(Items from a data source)
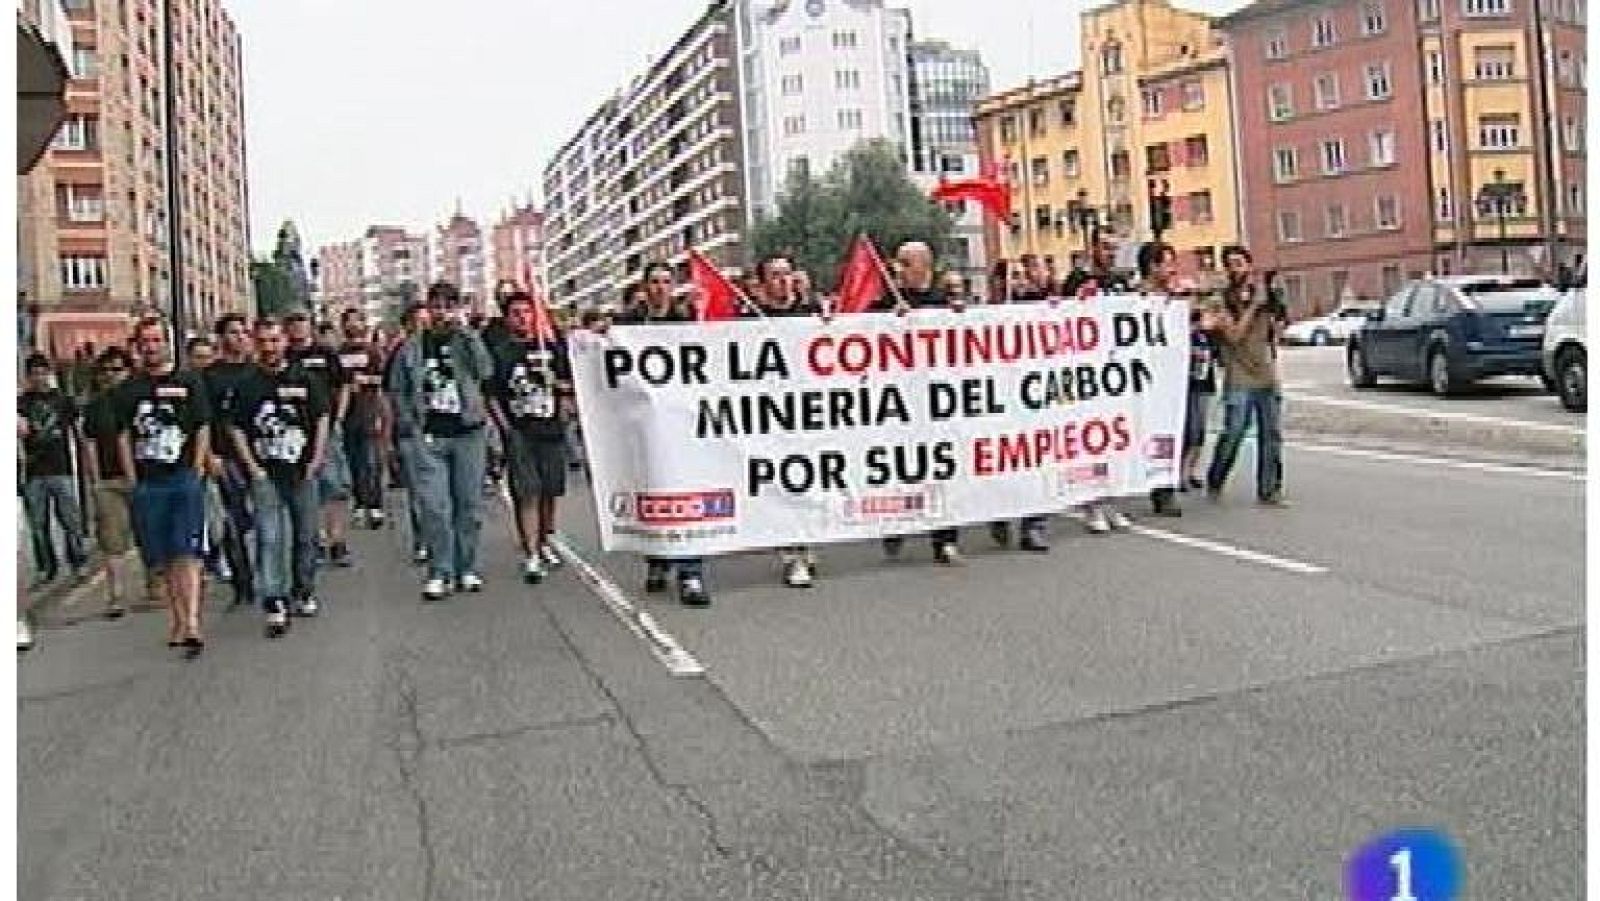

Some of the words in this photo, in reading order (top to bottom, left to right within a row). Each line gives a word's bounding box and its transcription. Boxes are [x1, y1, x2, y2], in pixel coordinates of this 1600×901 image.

[604, 344, 707, 388] POR
[728, 338, 790, 381] LA
[807, 317, 1100, 376] CONTINUIDAD
[696, 375, 910, 438] MINERÍA
[929, 375, 1005, 422] DEL
[1020, 350, 1152, 410] CARBÓN
[748, 451, 847, 497] POR
[865, 442, 957, 486] SUS
[973, 417, 1131, 476] EMPLEOS

*AIM OF THE TASK:* Repeat each of the entries above exactly, but do not carry over the pictures.

*ANSWER BOX:*
Some of the words in this photo, in reading order (top to bottom, left to right within a row). Each line gives a word's bounding box and its transcription. Boxes are [x1, y1, x2, y2], in pixel coordinates of this 1600×901 image.

[604, 344, 707, 388] POR
[728, 338, 790, 381] LA
[807, 317, 1100, 376] CONTINUIDAD
[696, 375, 910, 438] MINERÍA
[929, 375, 1005, 422] DEL
[1020, 350, 1152, 410] CARBÓN
[748, 451, 847, 497] POR
[865, 442, 957, 486] SUS
[973, 417, 1131, 476] EMPLEOS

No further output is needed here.